The recognition of affective states from speech is also a highly active research area (Akçay and Oǧuz, 2020). While previous research has shown that speech undergoes disease-related changes in dementia, e.g. impairments in the production of prosody (Roberts et al., 1996; Horley et al., 2010), recent studies suggest that speech of PwD may still help to improve the automatic recognition of engagement (Steinert et al., 2021). We first apply denoising on all raw audio files recorded with the tablet's microphone to remove stationary and non-stationary background sounds, and to enhance participant's speech (Defossez et al., 2020). From the denoised audios, we extract the 2013 Interspeech Computational Paralinguistics Challenge features set (ComParE) using OpenSMILE (Eyben et al., 2010, 2013). We extract audio frame-wise (60 ms frame size; 10 ms steps) frequency, energy, and spectral related Low-Level Descriptors (LLD) which leads to a 130-dimensional feature vector (65 LLDs + deltas) for each step of 10 ms. Next, we create mel spectrograms using Hanning windows (512 samples size, 256 samples steps). We forward spectrograms (227x227 pixels, viridis colormap) to the pre-trained CNN AlexNet to receive bottleneck features from the fc7 layer which results in a 4096-dimensional feature vector (Amiriparian et al., 2017).
4.4. Data Pre-processing
To take interpersonal and intrapersonal variations into account, we scale each feature to a range between zero and one. We assume that the verbal and non-verbal signals from the time interval shortly before the rating are likely to be most diagnostic for the subsequent activation rating. Correspondingly, we consider the 30 s of verbal and non-verbal signals before the rating was provided. Next, we slice features into 1 s segments with 25 % overlap and assign each segment to the corresponding rating label. Due to the class imbalance (see Figure 3), we combine the neutral and negative classes to formulate a two-class prediction problem. This seems reasonable as especially the prediction of positively perceived activation contents is relevant for an individual's well-being and motivation (Cohen-Mansfield, 2018). These pre-processed and labeled feature sequences are then forwarded to the classifier.

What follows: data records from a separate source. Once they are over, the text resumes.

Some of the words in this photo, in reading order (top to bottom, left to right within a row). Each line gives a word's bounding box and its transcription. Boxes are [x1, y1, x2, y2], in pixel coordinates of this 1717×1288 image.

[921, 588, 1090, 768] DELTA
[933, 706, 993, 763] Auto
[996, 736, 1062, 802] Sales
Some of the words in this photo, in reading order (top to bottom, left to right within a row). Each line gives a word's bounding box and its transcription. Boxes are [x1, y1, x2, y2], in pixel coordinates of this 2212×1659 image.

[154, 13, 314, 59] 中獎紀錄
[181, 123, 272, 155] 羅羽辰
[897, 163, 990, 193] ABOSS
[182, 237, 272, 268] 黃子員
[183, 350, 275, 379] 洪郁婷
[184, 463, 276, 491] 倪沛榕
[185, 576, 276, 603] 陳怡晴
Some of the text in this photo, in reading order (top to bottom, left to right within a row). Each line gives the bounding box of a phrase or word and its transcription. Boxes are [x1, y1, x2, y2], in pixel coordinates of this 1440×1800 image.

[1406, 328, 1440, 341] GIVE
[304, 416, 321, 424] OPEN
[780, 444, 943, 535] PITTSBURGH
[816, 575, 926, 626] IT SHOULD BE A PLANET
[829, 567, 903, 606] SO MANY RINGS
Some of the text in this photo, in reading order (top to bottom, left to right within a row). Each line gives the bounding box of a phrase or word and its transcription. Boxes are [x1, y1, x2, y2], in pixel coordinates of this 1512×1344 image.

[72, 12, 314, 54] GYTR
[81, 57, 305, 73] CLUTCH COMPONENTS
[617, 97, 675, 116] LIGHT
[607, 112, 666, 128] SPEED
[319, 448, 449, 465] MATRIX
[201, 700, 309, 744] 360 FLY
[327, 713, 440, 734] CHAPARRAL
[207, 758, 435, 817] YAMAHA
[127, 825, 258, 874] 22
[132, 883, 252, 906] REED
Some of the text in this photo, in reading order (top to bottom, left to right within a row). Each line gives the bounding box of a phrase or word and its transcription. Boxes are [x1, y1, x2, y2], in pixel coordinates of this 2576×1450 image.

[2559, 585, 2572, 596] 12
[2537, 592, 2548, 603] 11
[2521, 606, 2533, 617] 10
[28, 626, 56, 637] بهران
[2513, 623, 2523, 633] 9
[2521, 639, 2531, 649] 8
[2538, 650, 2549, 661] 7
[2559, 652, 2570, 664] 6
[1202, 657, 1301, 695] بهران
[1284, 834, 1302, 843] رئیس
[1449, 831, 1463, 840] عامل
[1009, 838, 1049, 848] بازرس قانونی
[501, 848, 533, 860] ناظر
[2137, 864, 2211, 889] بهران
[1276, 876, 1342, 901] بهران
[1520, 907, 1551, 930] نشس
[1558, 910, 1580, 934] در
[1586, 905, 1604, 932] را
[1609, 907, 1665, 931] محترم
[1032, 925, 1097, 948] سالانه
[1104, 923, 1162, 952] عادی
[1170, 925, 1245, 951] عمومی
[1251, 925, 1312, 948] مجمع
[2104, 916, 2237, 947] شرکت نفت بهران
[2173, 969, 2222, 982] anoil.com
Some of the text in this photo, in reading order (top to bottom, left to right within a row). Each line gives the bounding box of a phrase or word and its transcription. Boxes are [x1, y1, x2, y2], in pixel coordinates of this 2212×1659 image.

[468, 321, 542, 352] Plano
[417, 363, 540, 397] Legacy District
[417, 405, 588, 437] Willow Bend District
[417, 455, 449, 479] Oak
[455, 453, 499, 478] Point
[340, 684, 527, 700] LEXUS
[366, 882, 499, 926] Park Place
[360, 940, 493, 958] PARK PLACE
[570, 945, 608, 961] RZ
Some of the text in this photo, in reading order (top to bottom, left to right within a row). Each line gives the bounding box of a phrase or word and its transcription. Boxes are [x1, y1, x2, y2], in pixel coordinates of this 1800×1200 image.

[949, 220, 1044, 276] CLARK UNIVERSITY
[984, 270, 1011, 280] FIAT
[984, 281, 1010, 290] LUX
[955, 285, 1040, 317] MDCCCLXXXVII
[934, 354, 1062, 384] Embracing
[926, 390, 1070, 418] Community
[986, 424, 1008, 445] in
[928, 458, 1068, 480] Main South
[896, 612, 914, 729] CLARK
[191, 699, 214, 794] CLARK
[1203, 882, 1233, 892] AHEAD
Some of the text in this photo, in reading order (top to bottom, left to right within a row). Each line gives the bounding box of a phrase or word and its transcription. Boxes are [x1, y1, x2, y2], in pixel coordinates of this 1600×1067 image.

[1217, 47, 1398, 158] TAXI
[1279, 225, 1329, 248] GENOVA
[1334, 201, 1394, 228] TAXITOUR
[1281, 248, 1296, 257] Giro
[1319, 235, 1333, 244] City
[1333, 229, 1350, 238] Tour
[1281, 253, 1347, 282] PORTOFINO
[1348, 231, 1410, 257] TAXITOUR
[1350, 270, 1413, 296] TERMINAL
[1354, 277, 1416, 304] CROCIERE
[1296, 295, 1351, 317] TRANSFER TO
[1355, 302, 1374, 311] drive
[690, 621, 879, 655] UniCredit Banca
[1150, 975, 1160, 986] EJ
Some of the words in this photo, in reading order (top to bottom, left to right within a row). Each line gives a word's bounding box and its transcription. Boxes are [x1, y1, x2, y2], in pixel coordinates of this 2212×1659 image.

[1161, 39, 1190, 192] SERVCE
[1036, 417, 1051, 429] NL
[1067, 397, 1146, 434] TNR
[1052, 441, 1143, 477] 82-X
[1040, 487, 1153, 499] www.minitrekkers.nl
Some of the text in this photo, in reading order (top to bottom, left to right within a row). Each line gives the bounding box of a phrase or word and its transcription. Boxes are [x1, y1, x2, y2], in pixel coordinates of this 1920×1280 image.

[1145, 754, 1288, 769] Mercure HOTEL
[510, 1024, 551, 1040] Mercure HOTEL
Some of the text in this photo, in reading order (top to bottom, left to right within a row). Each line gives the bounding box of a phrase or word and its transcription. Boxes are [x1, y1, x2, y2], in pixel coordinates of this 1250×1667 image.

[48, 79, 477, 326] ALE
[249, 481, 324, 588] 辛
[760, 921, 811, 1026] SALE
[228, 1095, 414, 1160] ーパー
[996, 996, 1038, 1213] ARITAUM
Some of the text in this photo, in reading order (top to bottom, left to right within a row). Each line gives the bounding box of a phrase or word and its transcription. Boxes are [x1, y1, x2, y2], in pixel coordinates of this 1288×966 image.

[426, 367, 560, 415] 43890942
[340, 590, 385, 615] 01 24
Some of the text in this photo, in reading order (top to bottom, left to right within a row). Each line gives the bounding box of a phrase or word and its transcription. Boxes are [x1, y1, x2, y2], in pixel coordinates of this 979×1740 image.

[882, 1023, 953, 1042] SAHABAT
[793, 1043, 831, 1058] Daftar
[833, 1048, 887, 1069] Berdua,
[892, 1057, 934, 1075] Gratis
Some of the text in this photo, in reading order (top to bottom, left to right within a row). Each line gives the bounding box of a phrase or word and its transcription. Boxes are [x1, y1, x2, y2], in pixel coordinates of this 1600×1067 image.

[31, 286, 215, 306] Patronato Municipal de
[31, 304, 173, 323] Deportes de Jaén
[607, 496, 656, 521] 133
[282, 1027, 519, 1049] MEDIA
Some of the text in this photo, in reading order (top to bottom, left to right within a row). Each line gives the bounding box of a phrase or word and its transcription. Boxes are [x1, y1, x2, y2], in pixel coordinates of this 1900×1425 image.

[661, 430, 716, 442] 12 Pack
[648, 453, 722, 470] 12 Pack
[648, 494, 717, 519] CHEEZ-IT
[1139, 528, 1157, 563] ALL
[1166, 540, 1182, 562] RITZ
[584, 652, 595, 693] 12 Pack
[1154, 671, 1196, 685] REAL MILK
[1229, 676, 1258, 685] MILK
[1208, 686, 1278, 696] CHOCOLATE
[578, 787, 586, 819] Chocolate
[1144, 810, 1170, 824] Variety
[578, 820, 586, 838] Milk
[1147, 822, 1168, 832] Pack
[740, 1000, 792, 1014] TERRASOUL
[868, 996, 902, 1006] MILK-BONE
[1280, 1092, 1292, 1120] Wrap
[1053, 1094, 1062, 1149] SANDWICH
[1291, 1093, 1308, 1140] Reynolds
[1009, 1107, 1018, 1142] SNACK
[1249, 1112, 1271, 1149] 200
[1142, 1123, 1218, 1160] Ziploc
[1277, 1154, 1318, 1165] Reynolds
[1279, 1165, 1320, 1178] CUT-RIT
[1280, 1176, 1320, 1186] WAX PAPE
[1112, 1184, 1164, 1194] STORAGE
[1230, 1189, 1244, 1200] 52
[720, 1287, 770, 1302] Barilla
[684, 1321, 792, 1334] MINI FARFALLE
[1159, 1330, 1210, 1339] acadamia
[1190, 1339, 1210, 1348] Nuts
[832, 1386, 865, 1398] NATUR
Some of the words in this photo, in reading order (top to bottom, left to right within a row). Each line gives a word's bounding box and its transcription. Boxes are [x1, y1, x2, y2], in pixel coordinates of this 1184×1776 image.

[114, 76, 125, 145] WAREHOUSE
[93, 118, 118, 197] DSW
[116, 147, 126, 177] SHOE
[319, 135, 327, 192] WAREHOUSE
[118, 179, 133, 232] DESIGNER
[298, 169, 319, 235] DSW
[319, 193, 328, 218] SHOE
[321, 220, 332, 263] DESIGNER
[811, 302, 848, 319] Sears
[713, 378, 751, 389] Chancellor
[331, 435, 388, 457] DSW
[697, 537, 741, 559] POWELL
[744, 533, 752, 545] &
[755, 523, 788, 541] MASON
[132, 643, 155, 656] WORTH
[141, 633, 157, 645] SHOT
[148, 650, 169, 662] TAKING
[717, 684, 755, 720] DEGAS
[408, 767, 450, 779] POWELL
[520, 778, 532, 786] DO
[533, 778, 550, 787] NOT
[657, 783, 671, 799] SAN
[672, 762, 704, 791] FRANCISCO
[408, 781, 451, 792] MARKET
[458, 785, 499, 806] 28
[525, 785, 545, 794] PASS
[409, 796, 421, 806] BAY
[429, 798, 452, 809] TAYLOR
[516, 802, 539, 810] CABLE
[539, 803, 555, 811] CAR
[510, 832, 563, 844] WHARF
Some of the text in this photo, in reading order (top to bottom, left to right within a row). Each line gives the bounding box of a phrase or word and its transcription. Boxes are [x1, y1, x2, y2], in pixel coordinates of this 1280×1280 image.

4.5. Prediction and Evaluation
The applied prediction approach is based on Long-Short-Term-Memory (LSTM) networks which allow for the preservation of temporal dependencies. This is especially important as verbal and non-verbal signals such as speech or facial expressions are subject to continuous change, especially in interactive activation sessions. Due to the different sampling rates of the feature sets of video and audio features (ComParE and DeepSpectrum), the classifier consists of three different input branches. Each input branch consists of a CNN layer (filter size = 256, 64, 256) followed by a MaxPooling layer (pool size = 3, 5, 3). Next, outputs are forwarded to an LSTM layer (units = 512, 64, 512). The three resulting context vectors are concatenated and passed to a Dense layer (units = 256) followed by the output layer (units = 2) with a Softmax activation function which outputs the class prediction. Figure 5 shows the proposed system architecture. For regularization, we use a dropout rate of 0.3 in the LSTM layers and after the concatenation layer. We train the model for 50 epochs with a batch size of 16. We use a cross-entropy loss function and Adam optimizer with a learning rate of 0.001. To retrieve the overall rating prediction from individual segments, we apply majority voting. We apply a session-independent model evaluation through 10-fold cross-validation on session level where individual folds contain multiple sessions (18–19) and, thus, multiple activation ratings (67–87) ranging from negative to positive. Based on this approach, the proposed system learns behavioral characteristics elicited through subjective activation likings of multiple participants for inference on unseen sessions. The performance of our approach is compare to chance level. We select Unweighted Average Precision, Recall and F1-Score as the evaluation metrics as they are particularly suitable for unevenly distributed classes. To test for statistical significance between our model and the baseline, i.e. chance level, we apply a McNemar Test.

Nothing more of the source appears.